What you have to do: Exact copy, no pictures: set down the lines from the one holding "this 1600×1198 image." through the final line of the records below.

+++ Recorded data

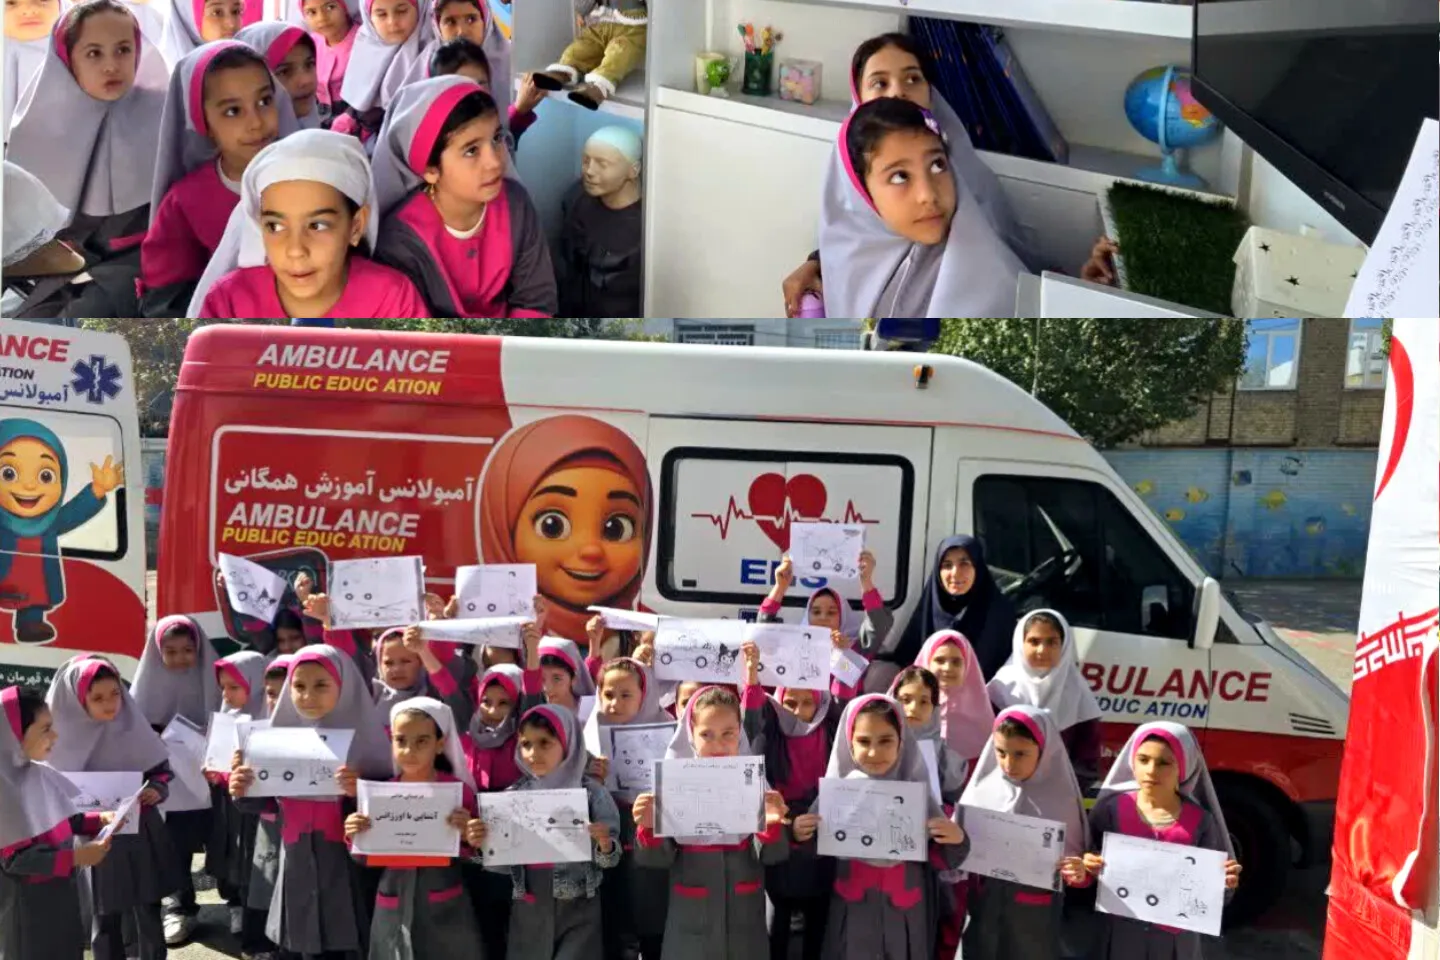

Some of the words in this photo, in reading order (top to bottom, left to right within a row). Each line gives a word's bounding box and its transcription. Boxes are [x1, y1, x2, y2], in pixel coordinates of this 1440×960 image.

[257, 343, 450, 373] AMBULANCE
[253, 373, 323, 390] PUBLIC
[326, 375, 379, 392] EDUC
[383, 378, 442, 395] ATION
[224, 467, 298, 494] همگانی
[304, 470, 376, 500] آموزش
[379, 477, 474, 505] آمبولانس
[226, 502, 420, 537] AMBULANCE
[221, 527, 290, 545] PUBLIC
[1080, 662, 1271, 702] BULANCE
[1095, 697, 1140, 714] DUC
[1144, 701, 1208, 719] ATION
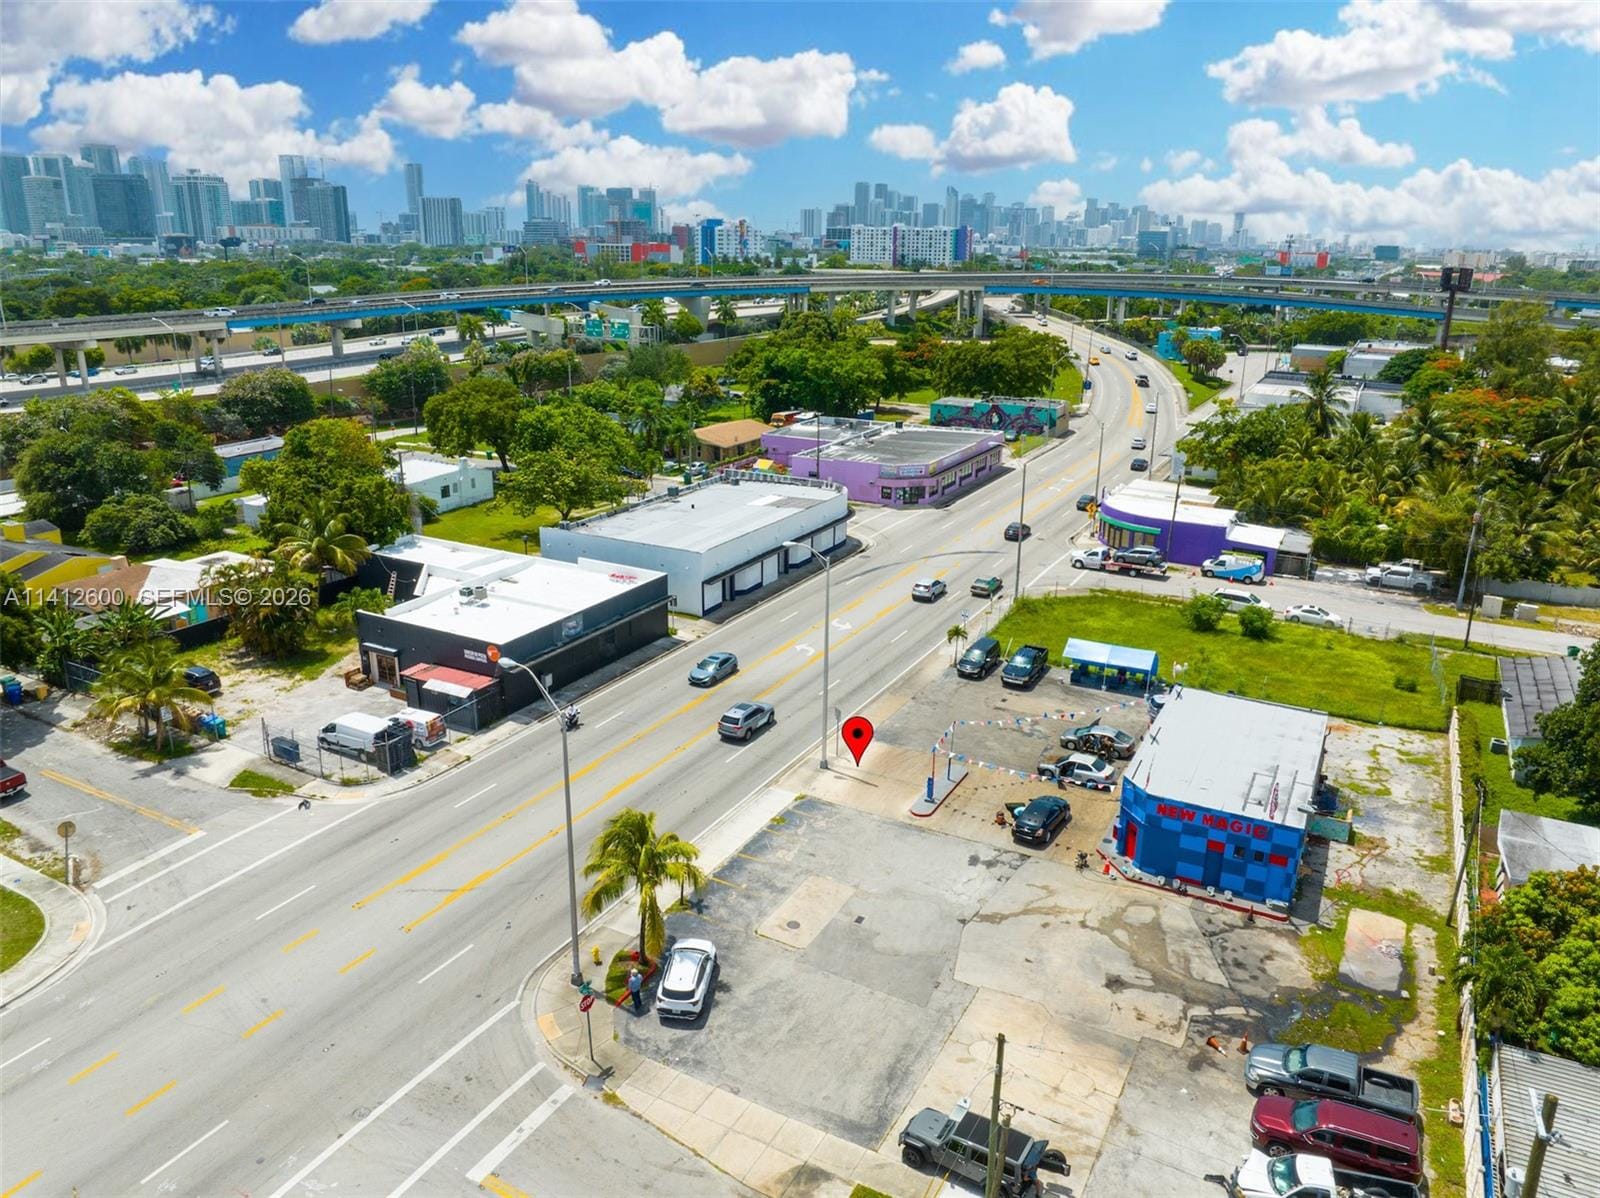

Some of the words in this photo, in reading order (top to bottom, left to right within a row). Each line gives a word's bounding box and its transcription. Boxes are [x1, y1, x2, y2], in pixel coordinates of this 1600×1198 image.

[1156, 803, 1197, 822] NEW
[1202, 813, 1269, 839] MAGIC
[580, 996, 594, 1010] STOP
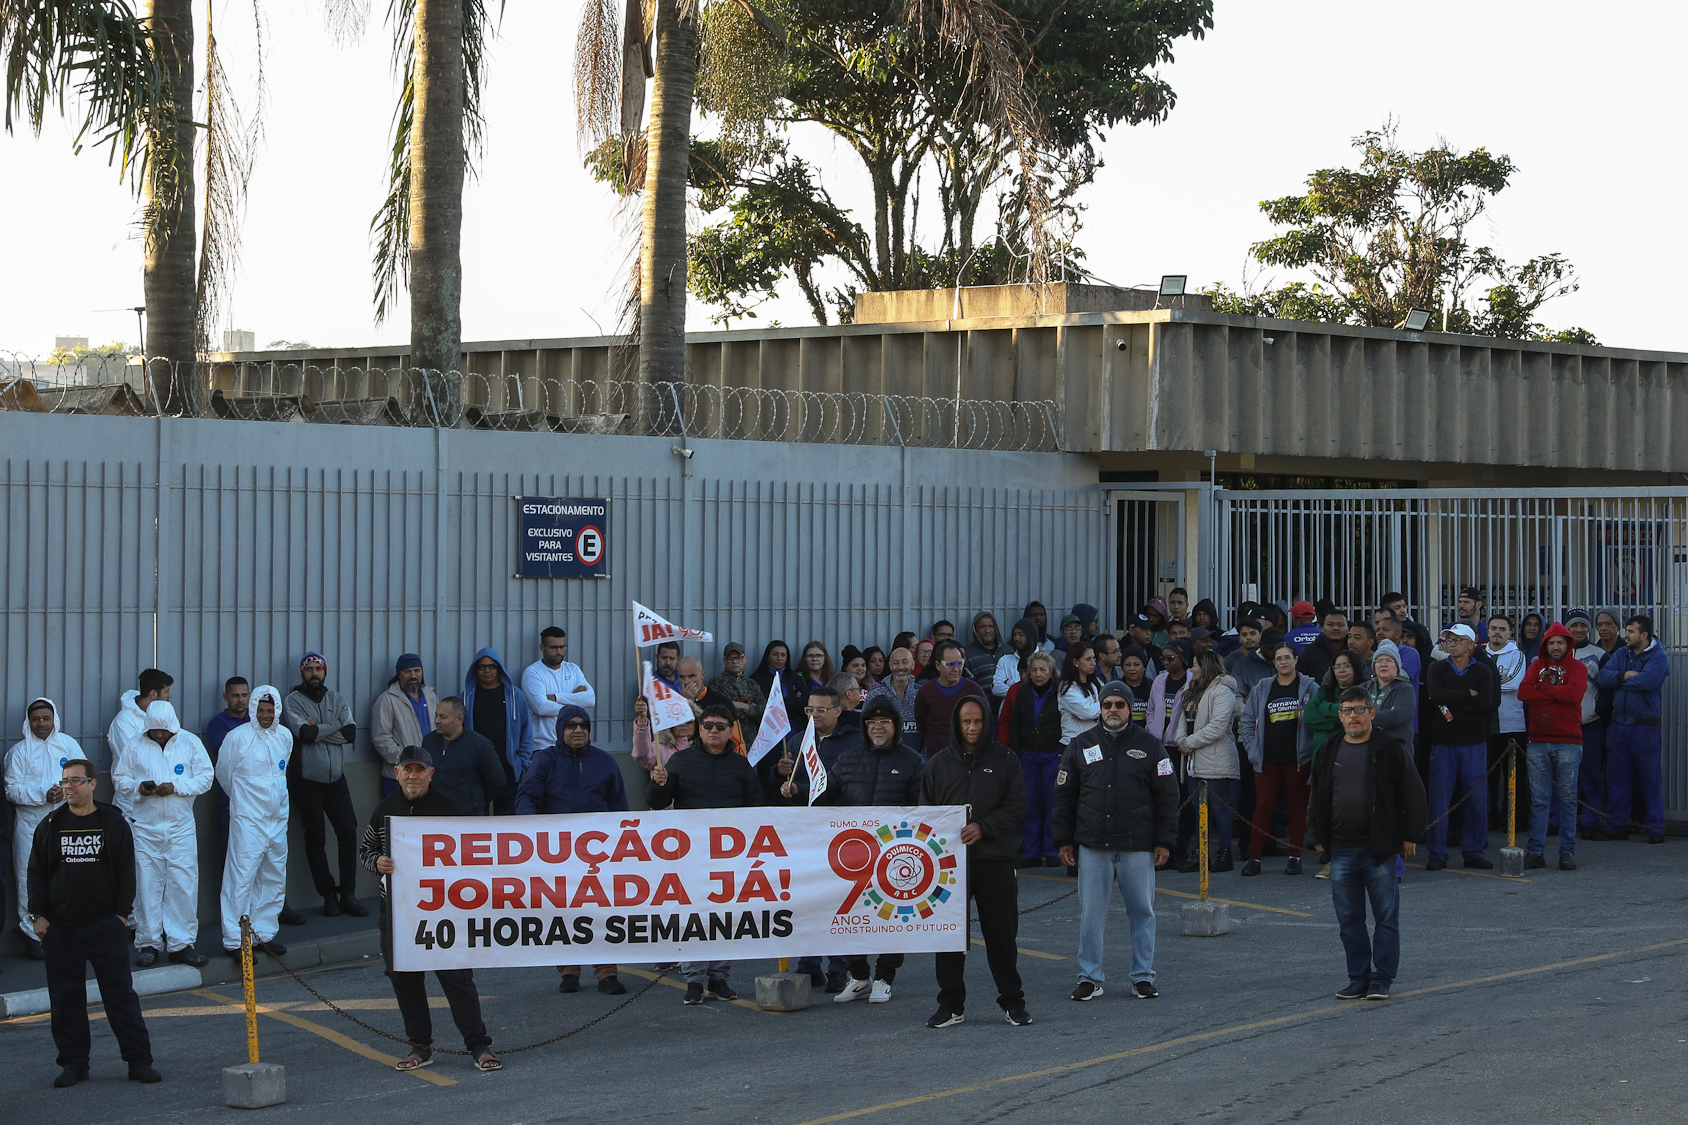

++++++

Response area:
Some of the words in this photo, in reading order (top to bottom, left to right within a row). Each line gives a word's bounding box and its transcription. Boxes are [x1, y1, x2, y2], in pixel coordinates of this 1600×1198 image.

[1156, 803, 1197, 822] NEW
[1202, 813, 1269, 839] MAGIC
[580, 996, 594, 1010] STOP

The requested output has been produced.